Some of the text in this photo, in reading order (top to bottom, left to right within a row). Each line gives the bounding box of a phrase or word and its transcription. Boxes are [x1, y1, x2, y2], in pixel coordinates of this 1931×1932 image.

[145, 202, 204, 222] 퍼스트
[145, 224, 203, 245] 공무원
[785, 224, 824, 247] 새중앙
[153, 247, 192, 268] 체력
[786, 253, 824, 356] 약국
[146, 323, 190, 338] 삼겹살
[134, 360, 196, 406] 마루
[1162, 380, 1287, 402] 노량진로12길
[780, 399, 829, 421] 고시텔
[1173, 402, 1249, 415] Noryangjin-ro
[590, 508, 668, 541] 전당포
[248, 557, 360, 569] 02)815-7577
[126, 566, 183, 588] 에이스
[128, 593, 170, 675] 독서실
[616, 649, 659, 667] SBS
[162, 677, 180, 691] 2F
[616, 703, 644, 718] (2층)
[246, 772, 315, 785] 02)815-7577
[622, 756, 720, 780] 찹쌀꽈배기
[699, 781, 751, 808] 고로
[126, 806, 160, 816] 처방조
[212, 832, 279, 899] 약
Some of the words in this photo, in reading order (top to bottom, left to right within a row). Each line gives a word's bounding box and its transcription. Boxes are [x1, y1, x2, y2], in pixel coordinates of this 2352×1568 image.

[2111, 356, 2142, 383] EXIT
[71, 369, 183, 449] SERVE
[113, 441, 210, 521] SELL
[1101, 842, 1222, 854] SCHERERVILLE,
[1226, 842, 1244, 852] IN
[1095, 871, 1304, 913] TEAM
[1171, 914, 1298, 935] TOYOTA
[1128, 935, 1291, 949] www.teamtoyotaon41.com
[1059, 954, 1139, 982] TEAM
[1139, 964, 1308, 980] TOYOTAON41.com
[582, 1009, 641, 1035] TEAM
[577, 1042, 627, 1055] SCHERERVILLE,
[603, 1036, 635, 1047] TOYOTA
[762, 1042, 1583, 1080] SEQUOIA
▬▬▬▬▬▬
ACTIVITY
Each entry needs to be written out again, exactly as given.

ANSWER TO THE PROBLEM
Some of the text in this photo, in reading order (top to bottom, left to right within a row). Each line gives the bounding box of a phrase or word and its transcription. Boxes are [x1, y1, x2, y2], in pixel coordinates of this 1931×1932 image.

[145, 202, 204, 222] 퍼스트
[145, 224, 203, 245] 공무원
[785, 224, 824, 247] 새중앙
[153, 247, 192, 268] 체력
[786, 253, 824, 356] 약국
[146, 323, 190, 338] 삼겹살
[134, 360, 196, 406] 마루
[1162, 380, 1287, 402] 노량진로12길
[780, 399, 829, 421] 고시텔
[1173, 402, 1249, 415] Noryangjin-ro
[590, 508, 668, 541] 전당포
[248, 557, 360, 569] 02)815-7577
[126, 566, 183, 588] 에이스
[128, 593, 170, 675] 독서실
[616, 649, 659, 667] SBS
[162, 677, 180, 691] 2F
[616, 703, 644, 718] (2층)
[246, 772, 315, 785] 02)815-7577
[622, 756, 720, 780] 찹쌀꽈배기
[699, 781, 751, 808] 고로
[126, 806, 160, 816] 처방조
[212, 832, 279, 899] 약
Some of the words in this photo, in reading order (top to bottom, left to right within a row). Each line gives a word's bounding box and its transcription. Boxes are [x1, y1, x2, y2], in pixel coordinates of this 2352×1568 image.

[2111, 356, 2142, 383] EXIT
[71, 369, 183, 449] SERVE
[113, 441, 210, 521] SELL
[1101, 842, 1222, 854] SCHERERVILLE,
[1226, 842, 1244, 852] IN
[1095, 871, 1304, 913] TEAM
[1171, 914, 1298, 935] TOYOTA
[1128, 935, 1291, 949] www.teamtoyotaon41.com
[1059, 954, 1139, 982] TEAM
[1139, 964, 1308, 980] TOYOTAON41.com
[582, 1009, 641, 1035] TEAM
[577, 1042, 627, 1055] SCHERERVILLE,
[603, 1036, 635, 1047] TOYOTA
[762, 1042, 1583, 1080] SEQUOIA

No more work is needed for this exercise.